On operations management and some numbers I crunch
I wrote this internally to some leaders and it would be great to know how others think differently than me.
Operations management is about three things: throughput, inventory, and operational expense.

I built a few dashboards in Grafana to monitor some numbers, which give me answer to our throughput and inventory. To make things “complete”, I will soon be adding cost monitoring by pulling data from AWS filtered by cost allocation tags.
Throughput is the rate of the system generates output for its goal. If time is spent to produce greater output leading to the goal (better sales!), we are being productive. Any other work that doesn’t move us closer to goal is waste.
The graph at the right hand side are lagging indicators to predict eventual slower throughput. For example, having high defects indicates that the team produces not just work but waste that introduces rework.
Inventory is the investment made to the system to be converted into output to reach its goal (different from WIP and finished goods inventory). I classify unfinished stories as inventory in my monitoring: those that you have invested to refine and those that you are still working on.
If your inventory has been rising, you might want to slow your team down from adding more stories but invest on producing actual output, or increase the capacity of the team to produce quicker.

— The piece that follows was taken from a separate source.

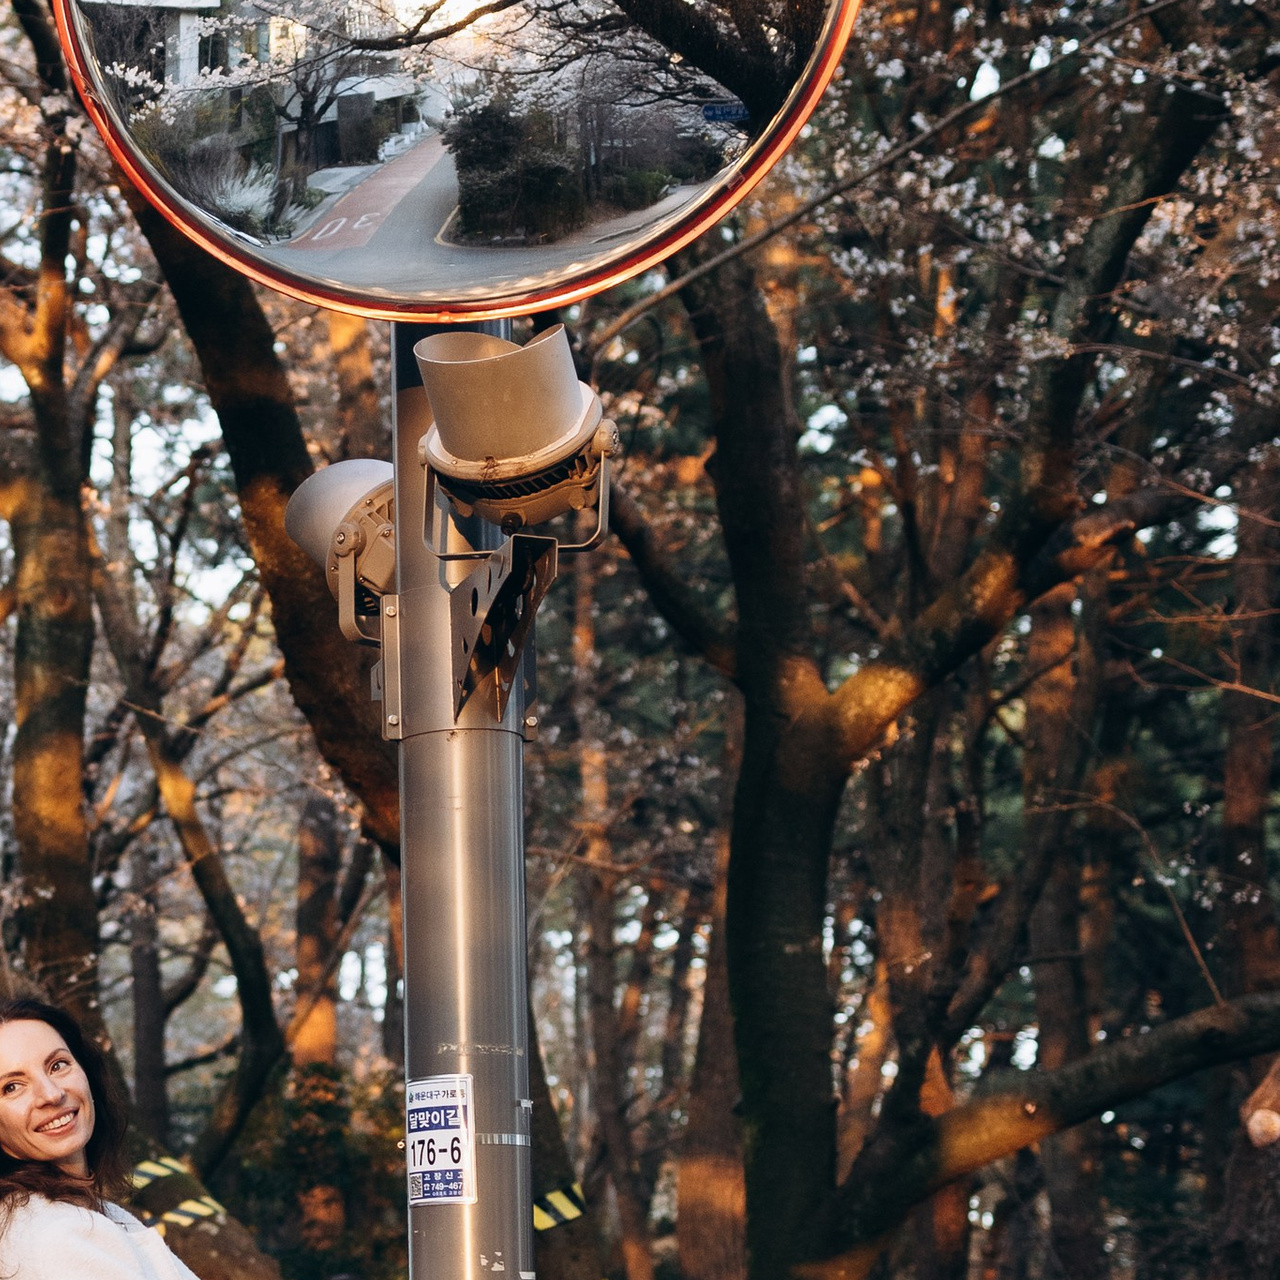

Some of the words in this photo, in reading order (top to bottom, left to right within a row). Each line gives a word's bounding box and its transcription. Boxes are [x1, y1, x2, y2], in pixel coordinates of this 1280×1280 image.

Monitoring these numbers allow me to add new perspectives to the team, as input and validation to their reflection, as well as strategic tool for capacity planning. The dashboard is open to everyone in the organization, although its usual readers are the team leaders from engineering team.
If you work on engineering management, I wonder if you follow these numbers, and if you have a cheaper way (even if it’s not quantifiable) to understand the state of your operations.